SOURCE RECORDS section start

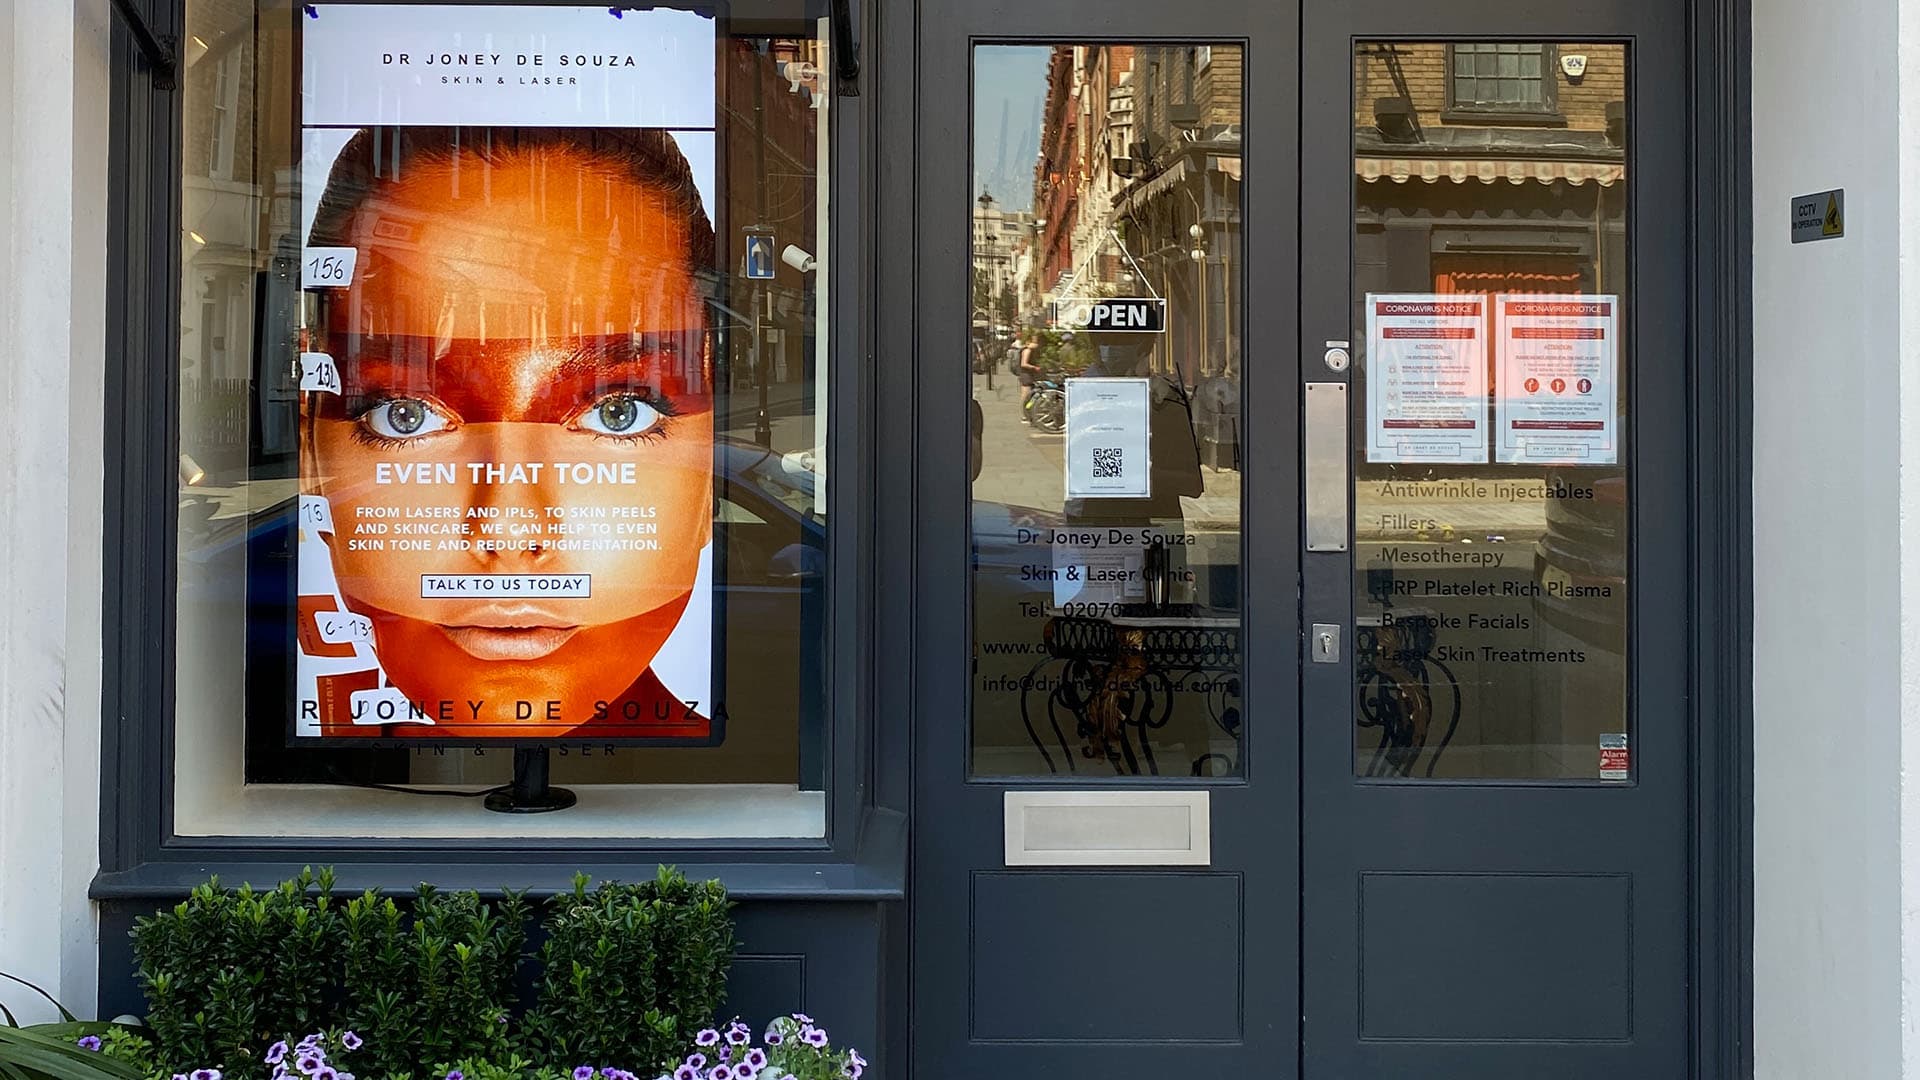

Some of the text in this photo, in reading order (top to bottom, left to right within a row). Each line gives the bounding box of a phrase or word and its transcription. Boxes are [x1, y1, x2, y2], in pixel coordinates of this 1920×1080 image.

[382, 53, 637, 67] DR JONEY DE SOUZA
[441, 76, 578, 85] SKIN & LASER
[1799, 203, 1817, 217] CCTV
[309, 256, 343, 280] 156
[1076, 305, 1147, 327] OPEN
[1385, 304, 1473, 313] CORONAVIRUS NOTICE
[1514, 304, 1602, 314] CORONAVIRUS NOTICE
[376, 464, 637, 484] EVEN THAT TONE
[1380, 482, 1593, 502] Antiwrinkle Injectables
[356, 507, 656, 520] FROM LASERS AND IPLs, TO SKIN PEELS
[355, 523, 656, 536] AND SKINCARE, WE CAN HELP TO EVEN
[1382, 515, 1436, 530] Fillers
[349, 539, 662, 551] SKIN TONE AND REDUCE PIGMENTATION.
[1018, 530, 1196, 549] Dr Joney De Souza
[1382, 548, 1504, 567] Mesotherapy
[1021, 565, 1193, 581] Skin & Laser Cnic
[428, 579, 583, 591] TALK TO US TODAY
[1425, 581, 1495, 597] Platelet
[1503, 582, 1540, 597] Rich
[1548, 582, 1611, 597] Plasma
[1018, 602, 1050, 618] Tel:
[1383, 613, 1530, 632] Bespoke Facials
[1437, 646, 1475, 662] Skin
[1482, 647, 1585, 663] Treatments
[302, 701, 319, 719] R
[352, 701, 486, 719] JONEY
[516, 701, 562, 719] DE
[594, 701, 730, 720] SOUZA
[371, 743, 617, 756] SKIN & LASER
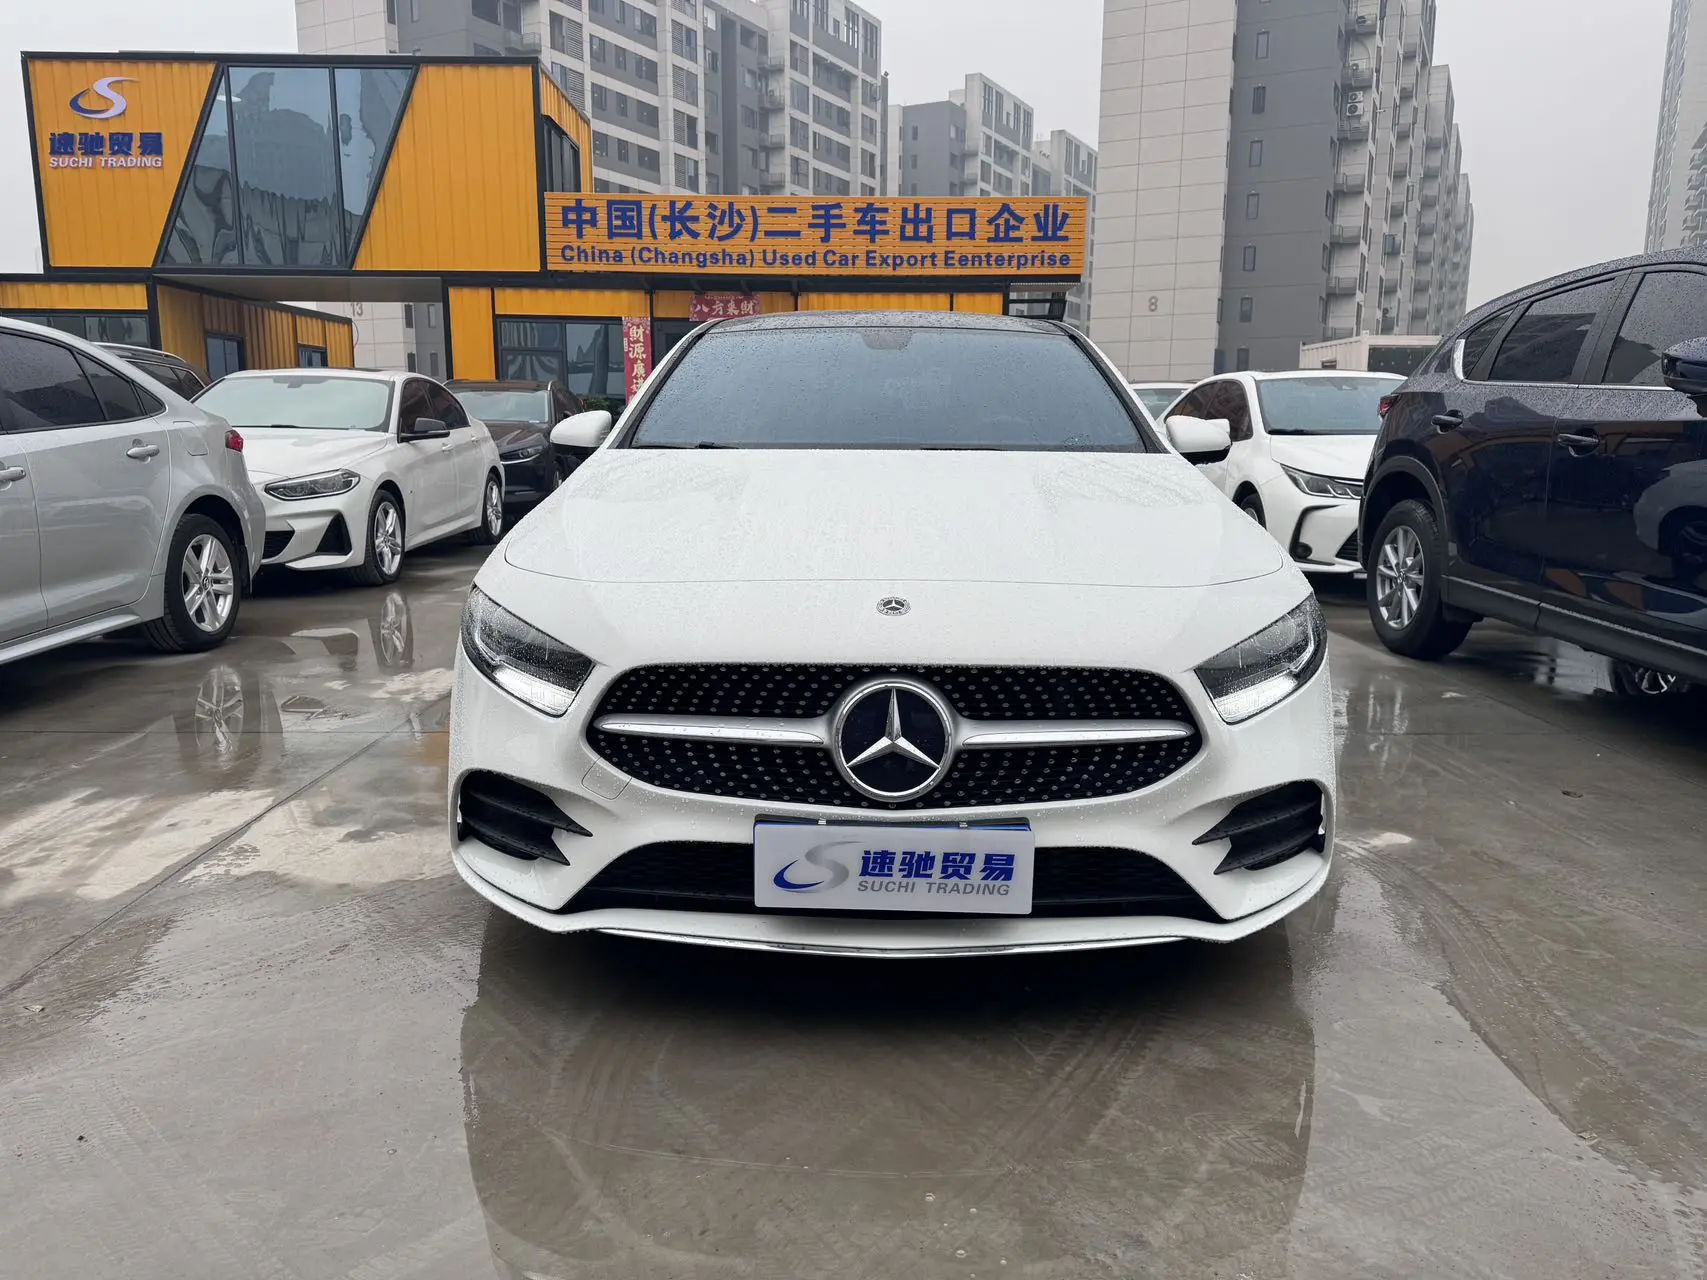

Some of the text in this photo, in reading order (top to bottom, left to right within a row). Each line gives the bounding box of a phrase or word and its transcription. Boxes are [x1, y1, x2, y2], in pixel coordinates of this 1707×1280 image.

[49, 132, 163, 155] 速驰贸易
[49, 157, 162, 168] SUCHI TRADING
[561, 198, 1070, 243] 中国(长沙)二手车出口企业
[561, 245, 1071, 271] China (Changsha) Used Car Export Eenterprise
[1148, 295, 1159, 312] 8
[858, 850, 1015, 882] 速驰贸易
[857, 880, 1010, 896] SUCHI TRADING

SOURCE RECORDS section end

GOAL OF THE EXERCISE:
Omit the pictures, then give every record back exactly as it stands.

FINISHED EXERCISE:
Some of the text in this photo, in reading order (top to bottom, left to right within a row). Each line gives the bounding box of a phrase or word and its transcription. Boxes are [x1, y1, x2, y2], in pixel coordinates of this 1920×1080 image.

[382, 53, 637, 67] DR JONEY DE SOUZA
[441, 76, 578, 85] SKIN & LASER
[1799, 203, 1817, 217] CCTV
[309, 256, 343, 280] 156
[1076, 305, 1147, 327] OPEN
[1385, 304, 1473, 313] CORONAVIRUS NOTICE
[1514, 304, 1602, 314] CORONAVIRUS NOTICE
[376, 464, 637, 484] EVEN THAT TONE
[1380, 482, 1593, 502] Antiwrinkle Injectables
[356, 507, 656, 520] FROM LASERS AND IPLs, TO SKIN PEELS
[355, 523, 656, 536] AND SKINCARE, WE CAN HELP TO EVEN
[1382, 515, 1436, 530] Fillers
[349, 539, 662, 551] SKIN TONE AND REDUCE PIGMENTATION.
[1018, 530, 1196, 549] Dr Joney De Souza
[1382, 548, 1504, 567] Mesotherapy
[1021, 565, 1193, 581] Skin & Laser Cnic
[428, 579, 583, 591] TALK TO US TODAY
[1425, 581, 1495, 597] Platelet
[1503, 582, 1540, 597] Rich
[1548, 582, 1611, 597] Plasma
[1018, 602, 1050, 618] Tel:
[1383, 613, 1530, 632] Bespoke Facials
[1437, 646, 1475, 662] Skin
[1482, 647, 1585, 663] Treatments
[302, 701, 319, 719] R
[352, 701, 486, 719] JONEY
[516, 701, 562, 719] DE
[594, 701, 730, 720] SOUZA
[371, 743, 617, 756] SKIN & LASER

Some of the text in this photo, in reading order (top to bottom, left to right within a row). Each line gives the bounding box of a phrase or word and its transcription. Boxes are [x1, y1, x2, y2], in pixel coordinates of this 1707×1280 image.

[49, 132, 163, 155] 速驰贸易
[49, 157, 162, 168] SUCHI TRADING
[561, 198, 1070, 243] 中国(长沙)二手车出口企业
[561, 245, 1071, 271] China (Changsha) Used Car Export Eenterprise
[1148, 295, 1159, 312] 8
[858, 850, 1015, 882] 速驰贸易
[857, 880, 1010, 896] SUCHI TRADING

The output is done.